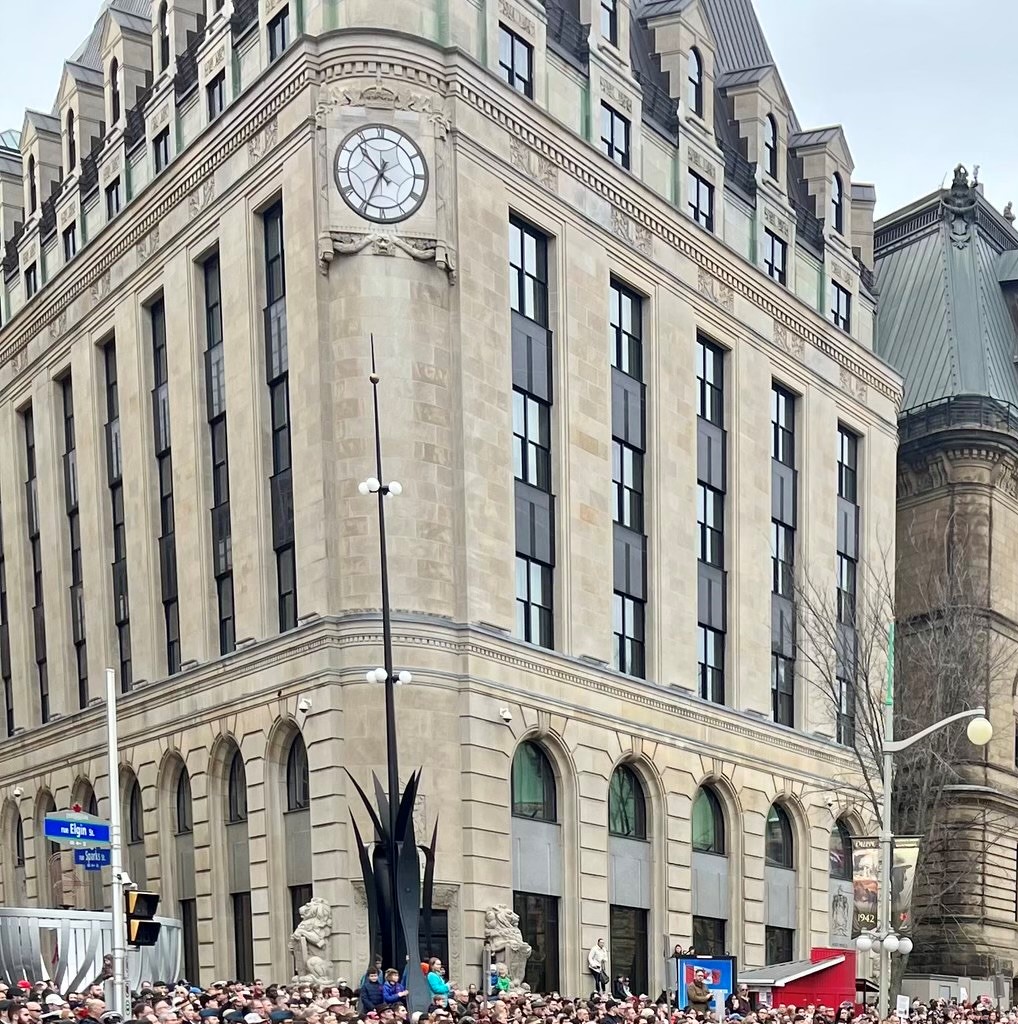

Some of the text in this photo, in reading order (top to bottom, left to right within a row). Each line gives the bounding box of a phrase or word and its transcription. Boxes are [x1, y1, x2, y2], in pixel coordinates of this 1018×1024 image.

[69, 823, 87, 838] Elgin
[84, 851, 101, 864] Sparks
[857, 913, 875, 923] 1942
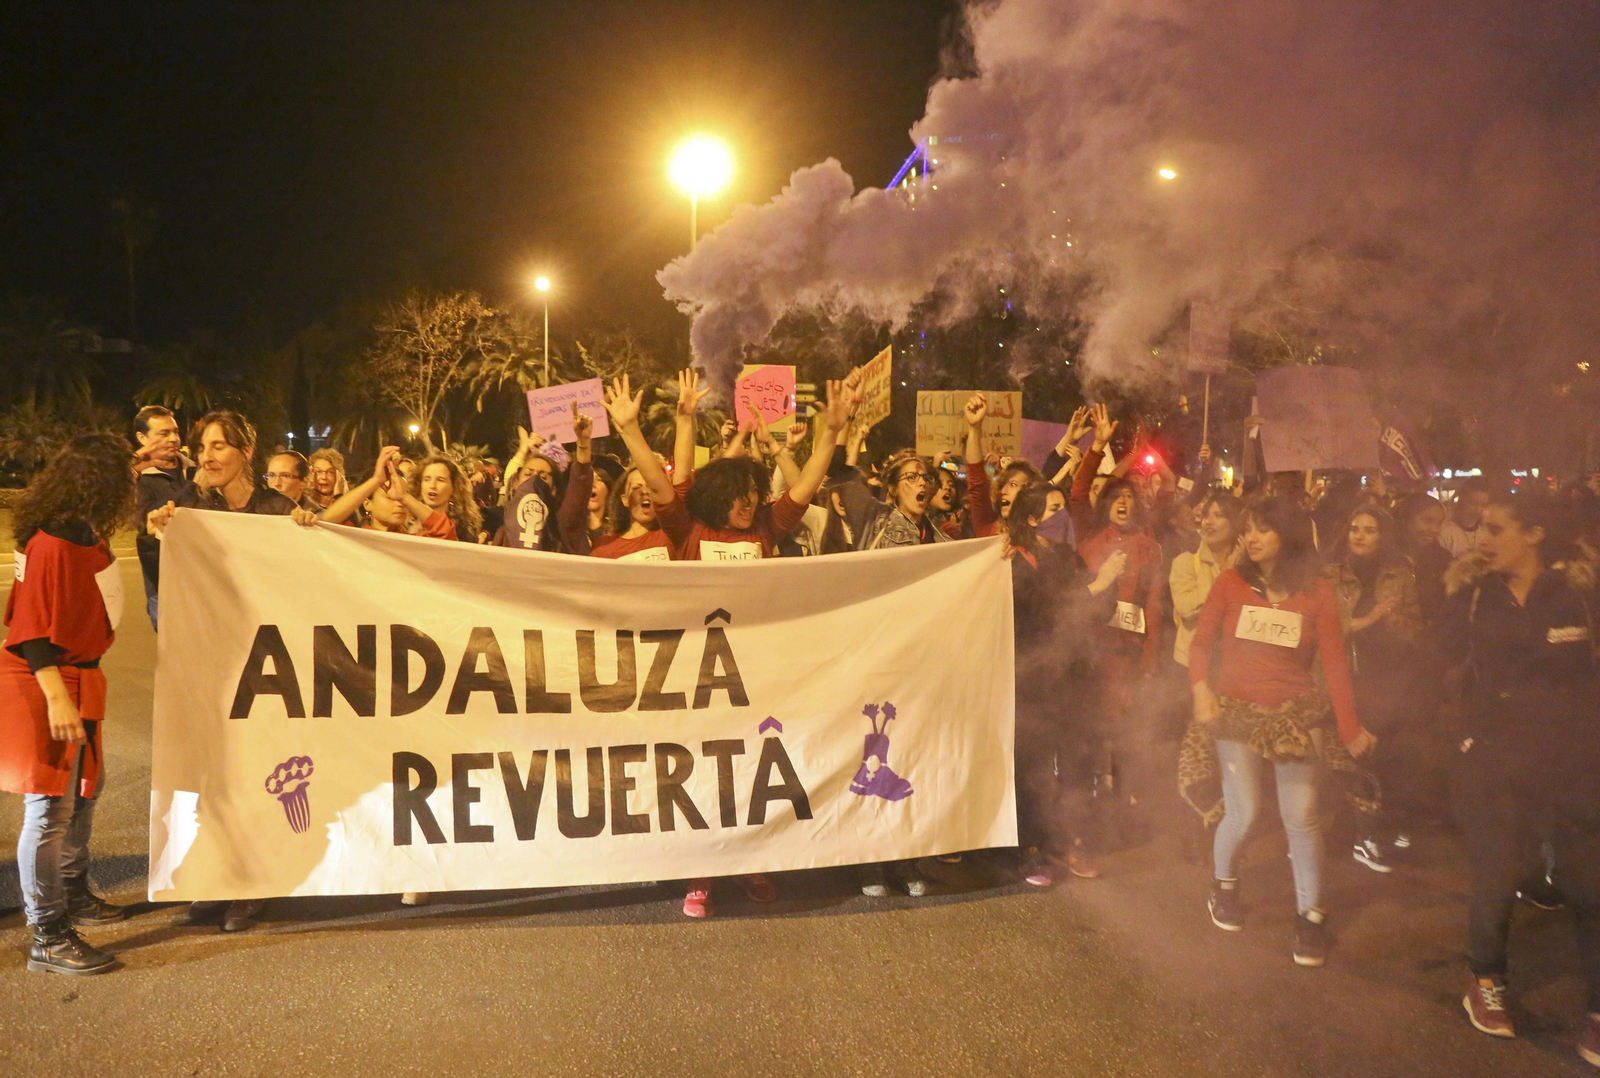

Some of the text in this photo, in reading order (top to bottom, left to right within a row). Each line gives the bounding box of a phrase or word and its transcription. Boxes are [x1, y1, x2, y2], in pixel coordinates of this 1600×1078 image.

[229, 607, 750, 719] ANDALUZÂ
[1245, 610, 1299, 641] JUNTAS
[392, 716, 813, 846] REVUERTÂ

PROBLEM TO SOLVE >> Every record above must reappear exactly in the answer, minus its pictures.

THE ANSWER >>
Some of the text in this photo, in reading order (top to bottom, left to right within a row). Each line gives the bounding box of a phrase or word and its transcription. Boxes are [x1, y1, x2, y2], in pixel coordinates of this 1018×1024 image.

[69, 823, 87, 838] Elgin
[84, 851, 101, 864] Sparks
[857, 913, 875, 923] 1942

Some of the text in this photo, in reading order (top to bottom, left to right within a row). Each line gives the bounding box of a phrase or word and its transcription. Boxes are [x1, y1, x2, y2], in pixel coordinates of this 1600×1078 image.

[229, 607, 750, 719] ANDALUZÂ
[1245, 610, 1299, 641] JUNTAS
[392, 716, 813, 846] REVUERTÂ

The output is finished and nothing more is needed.